--- Records to process Enclosed Below ---

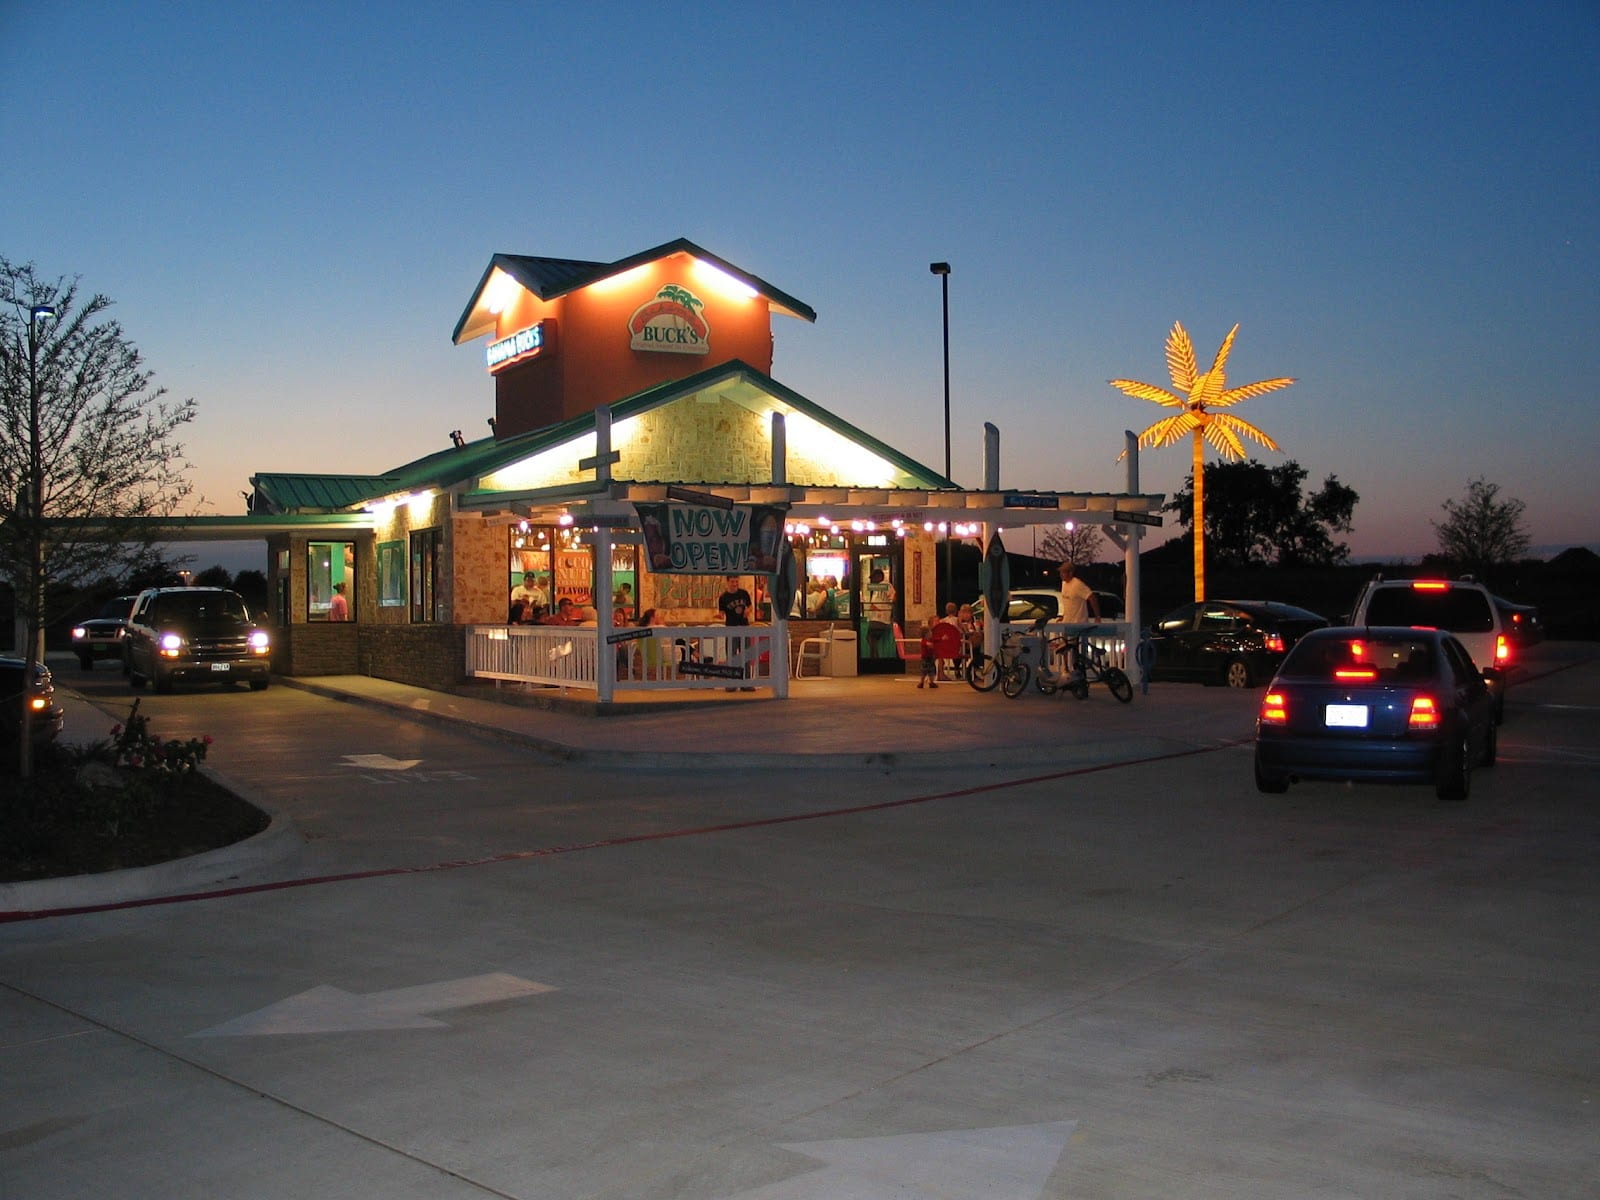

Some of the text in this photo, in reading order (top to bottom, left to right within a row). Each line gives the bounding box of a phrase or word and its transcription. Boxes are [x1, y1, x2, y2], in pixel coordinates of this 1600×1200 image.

[643, 325, 699, 345] BUCK'S
[672, 508, 746, 538] NOW
[670, 541, 750, 571] OPEN!
[557, 568, 590, 580] NUT
[557, 587, 590, 596] FLAVOR
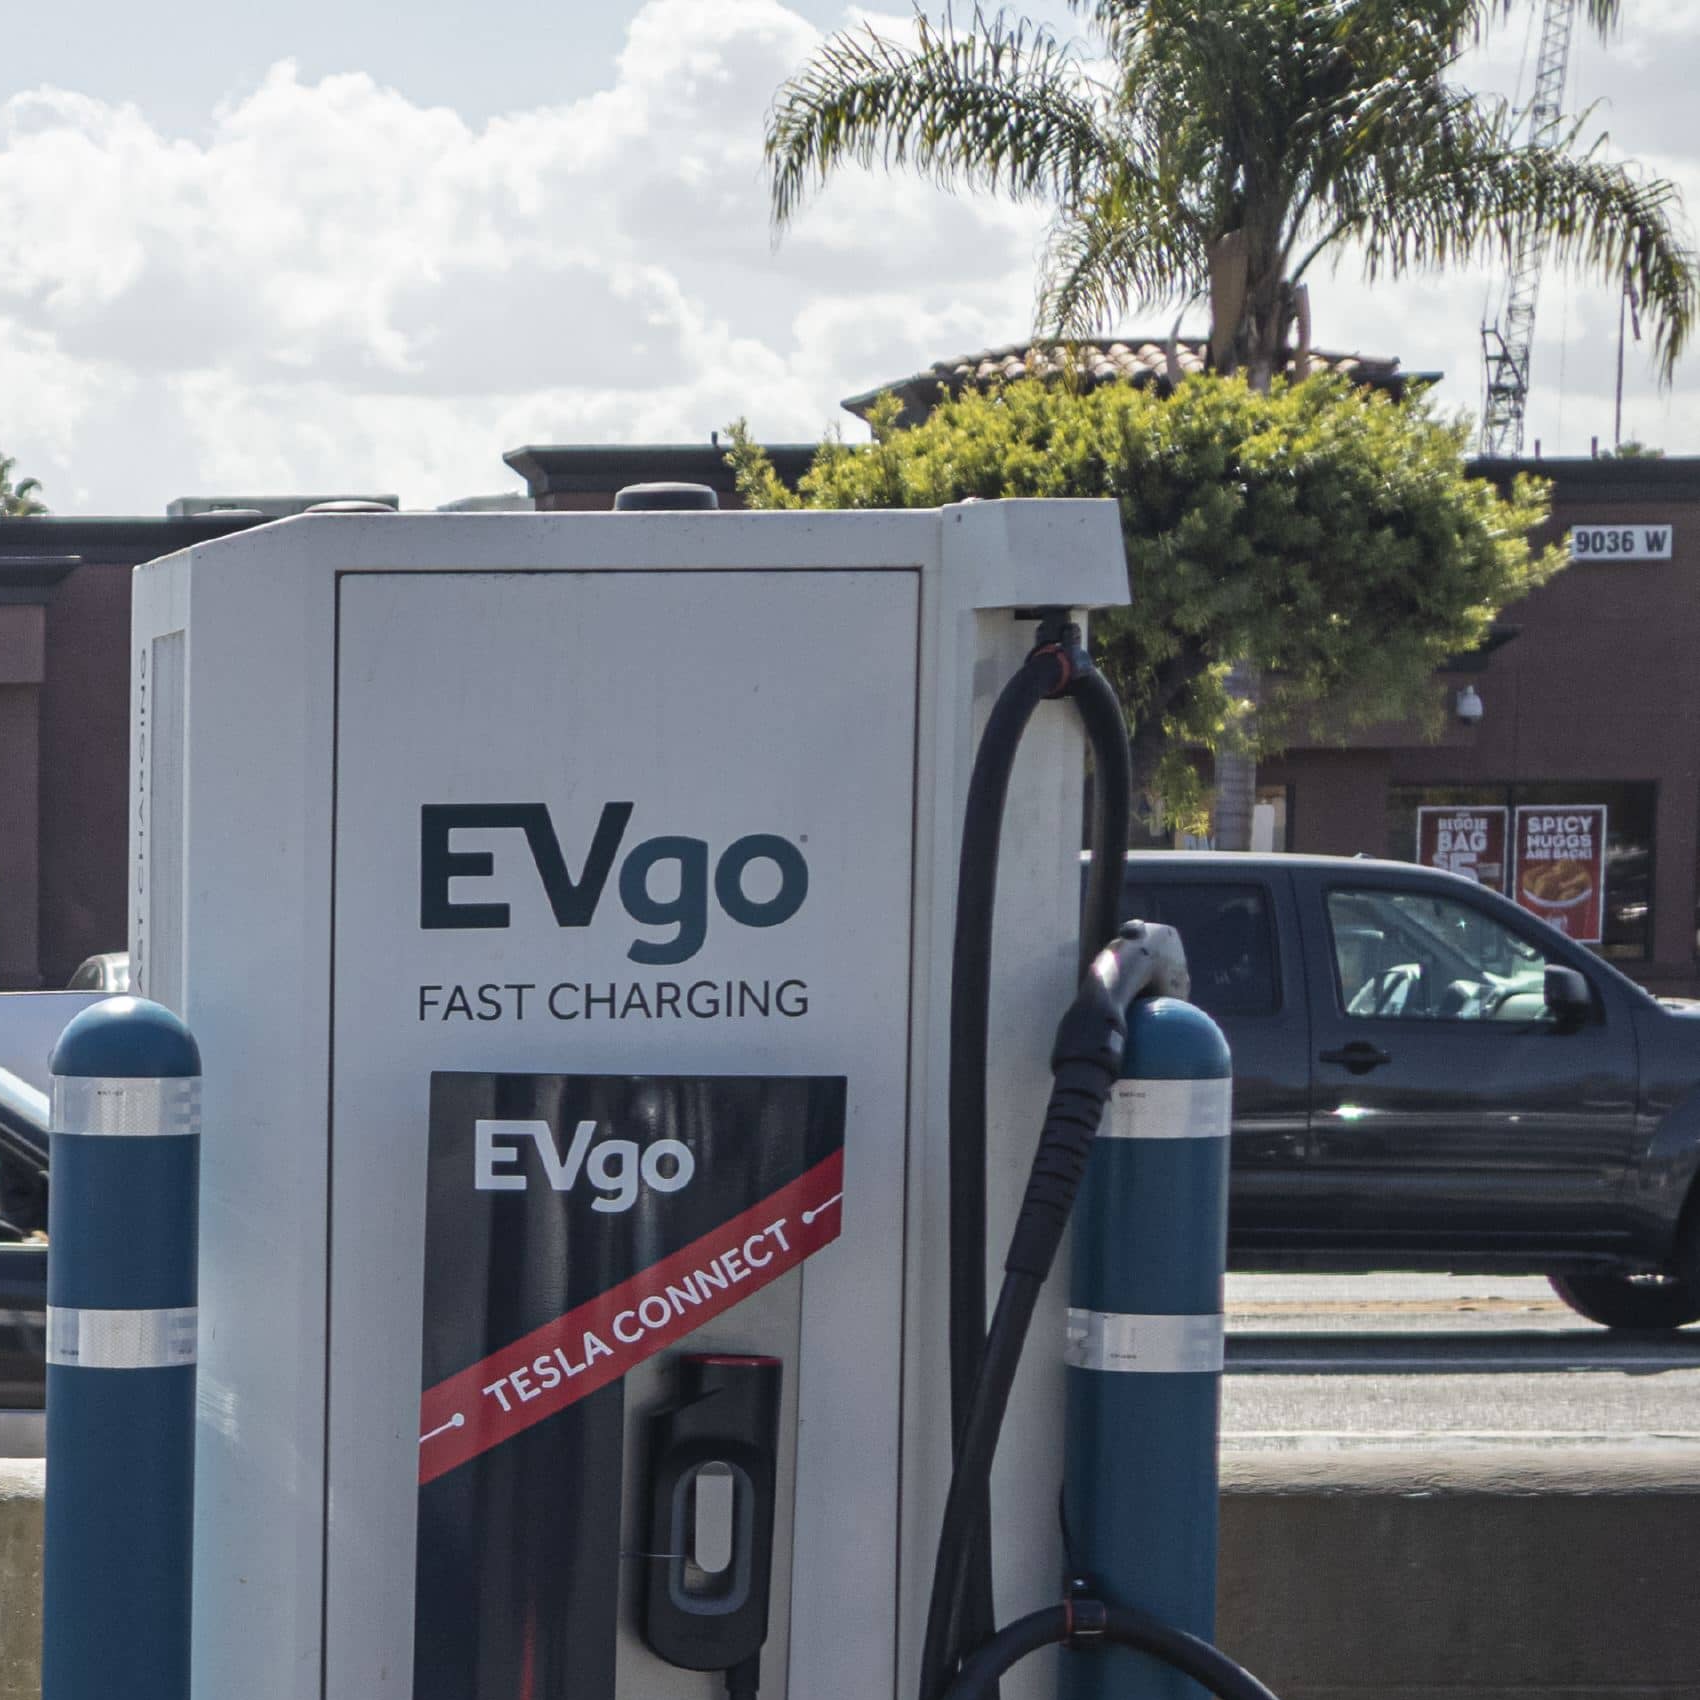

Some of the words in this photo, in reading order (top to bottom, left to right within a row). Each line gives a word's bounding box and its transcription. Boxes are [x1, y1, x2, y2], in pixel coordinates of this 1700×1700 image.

[1575, 530, 1635, 554] 9036
[1645, 530, 1668, 553] W
[1438, 831, 1488, 852] BAG
[1527, 815, 1593, 834] SPICY
[419, 801, 809, 966] EVgo
[418, 983, 536, 1022] FAST
[547, 978, 810, 1021] CHARGING
[474, 1118, 696, 1213] EVgo
[481, 1330, 615, 1413] TESLA
[611, 1217, 793, 1344] CONNECT

--- End of Enclosed Records to process ---

■ Problem details: Your job is to copy every entry exactly. Omit the pictures.

■ Written solution:
Some of the text in this photo, in reading order (top to bottom, left to right within a row). Each line gives the bounding box of a phrase or word and its transcription. Boxes are [x1, y1, x2, y2], in pixel coordinates of this 1600×1200 image.

[643, 325, 699, 345] BUCK'S
[672, 508, 746, 538] NOW
[670, 541, 750, 571] OPEN!
[557, 568, 590, 580] NUT
[557, 587, 590, 596] FLAVOR

Some of the words in this photo, in reading order (top to bottom, left to right within a row). Each line gives a word's bounding box and its transcription. Boxes are [x1, y1, x2, y2], in pixel coordinates of this 1700×1700 image.

[1575, 530, 1635, 554] 9036
[1645, 530, 1668, 553] W
[1438, 831, 1488, 852] BAG
[1527, 815, 1593, 834] SPICY
[419, 801, 809, 966] EVgo
[418, 983, 536, 1022] FAST
[547, 978, 810, 1021] CHARGING
[474, 1118, 696, 1213] EVgo
[481, 1330, 615, 1413] TESLA
[611, 1217, 793, 1344] CONNECT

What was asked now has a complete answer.